__What you will do__: Scan the material below and copy every line holding the word "GENERAL".

__Raw data__:
* * * *
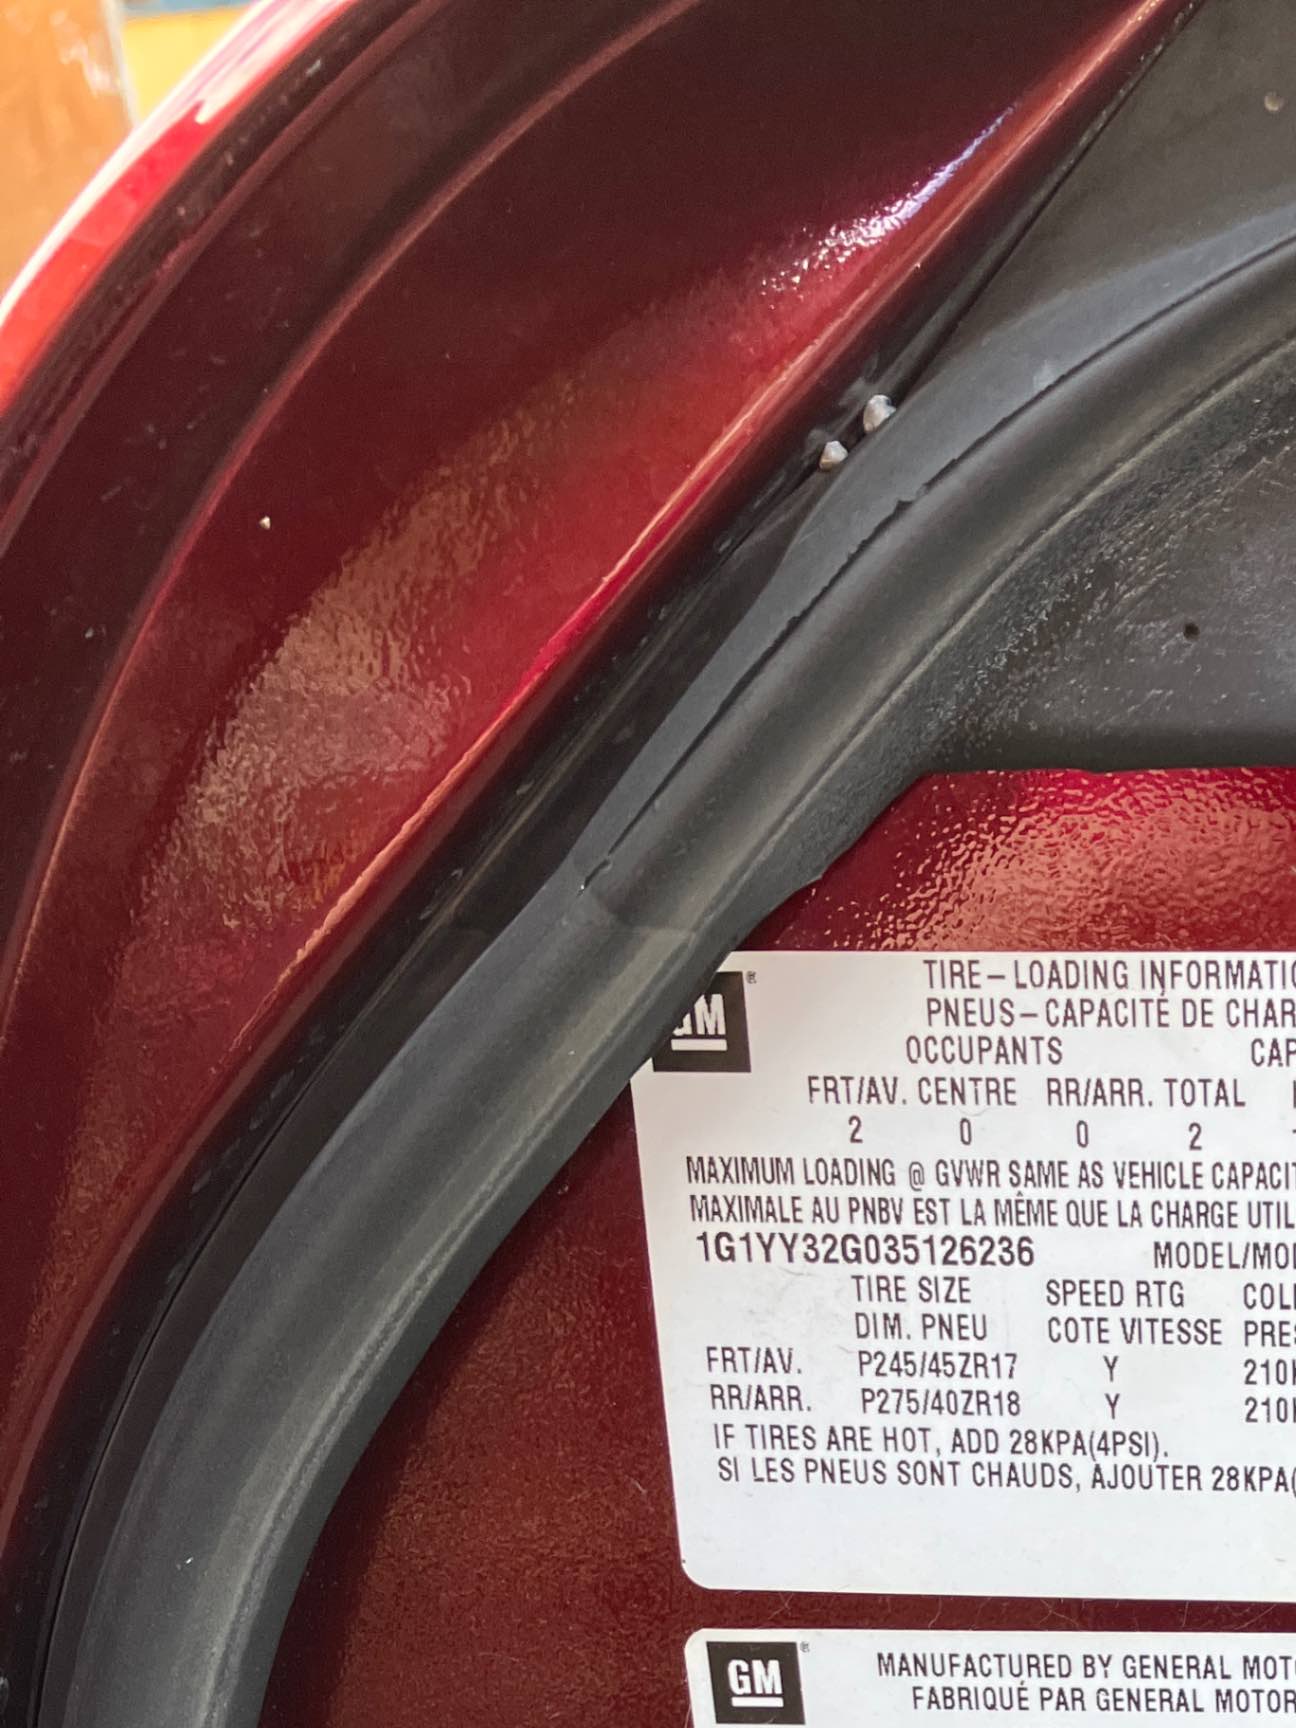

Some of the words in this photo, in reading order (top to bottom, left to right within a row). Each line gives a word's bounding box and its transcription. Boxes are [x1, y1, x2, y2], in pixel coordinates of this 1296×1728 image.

[1182, 998, 1213, 1027] DE
[906, 1035, 1062, 1064] OCCUPANTS
[808, 1075, 906, 1105] FRT/AV.
[918, 1076, 1017, 1105] CENTRE
[1048, 1077, 1153, 1107] RR/ARR.
[1164, 1078, 1246, 1107] TOTAL
[848, 1115, 863, 1143] 2
[959, 1118, 972, 1145] 0
[1076, 1120, 1089, 1147] 0
[1189, 1123, 1202, 1151] 2
[686, 1156, 794, 1184] MAXIMUM
[804, 1157, 895, 1186] LOADING
[909, 1162, 925, 1190] @
[936, 1159, 1000, 1187] GVWR
[1009, 1159, 1067, 1188] SAME
[1078, 1160, 1103, 1189] AS
[1115, 1162, 1203, 1190] VEHICLE
[690, 1195, 803, 1223] MAXIMALE
[812, 1196, 839, 1225] AU
[849, 1197, 903, 1225] PNBV
[914, 1197, 951, 1226] EST
[961, 1198, 985, 1227] LA
[995, 1190, 1058, 1227] MÊME
[1067, 1199, 1108, 1228] QUE
[1117, 1202, 1142, 1228] LA
[1152, 1201, 1238, 1229] CHARGE
[697, 1232, 1035, 1266] 1G1YY32G035126236
[851, 1276, 906, 1302] TIRE
[919, 1277, 971, 1303] SIZE
[1046, 1279, 1124, 1307] SPEED
[1136, 1281, 1184, 1308] RTG
[855, 1313, 911, 1340] DIM.
[922, 1314, 987, 1341] PNEU
[1048, 1317, 1110, 1345] COTE
[1121, 1318, 1223, 1346] VITESSE
[706, 1346, 802, 1374] FRT/AV.
[858, 1351, 1018, 1378] P245/45ZR17
[1104, 1355, 1119, 1382] Y
[711, 1384, 811, 1412] RR/ARR.
[862, 1388, 1021, 1416] P275/40ZR18
[1105, 1393, 1120, 1419] Y
[714, 1424, 735, 1449] IF
[745, 1425, 817, 1451] TIRES
[826, 1426, 872, 1453] ARE
[883, 1427, 941, 1458] HOT,
[951, 1427, 999, 1455] ADD
[1009, 1428, 1168, 1463] 28KPA(4PSI).
[718, 1458, 738, 1482] SI
[753, 1458, 794, 1484] LES
[805, 1459, 887, 1485] PNEUS
[898, 1461, 961, 1486] SONT
[973, 1462, 1080, 1493] CHAUDS,
[1091, 1463, 1202, 1492] AJOUTER
[728, 1658, 783, 1696] GM
[877, 1653, 1072, 1679] MANUFACTURED
[1083, 1655, 1113, 1679] BY
[1122, 1655, 1231, 1680] GENERAL
[912, 1680, 1028, 1712] FABRIQUÉ
[1040, 1687, 1086, 1712] PAR
[1096, 1687, 1205, 1713] GENERAL
* * * *
__Result__:
[1122, 1655, 1231, 1680] GENERAL
[1096, 1687, 1205, 1713] GENERAL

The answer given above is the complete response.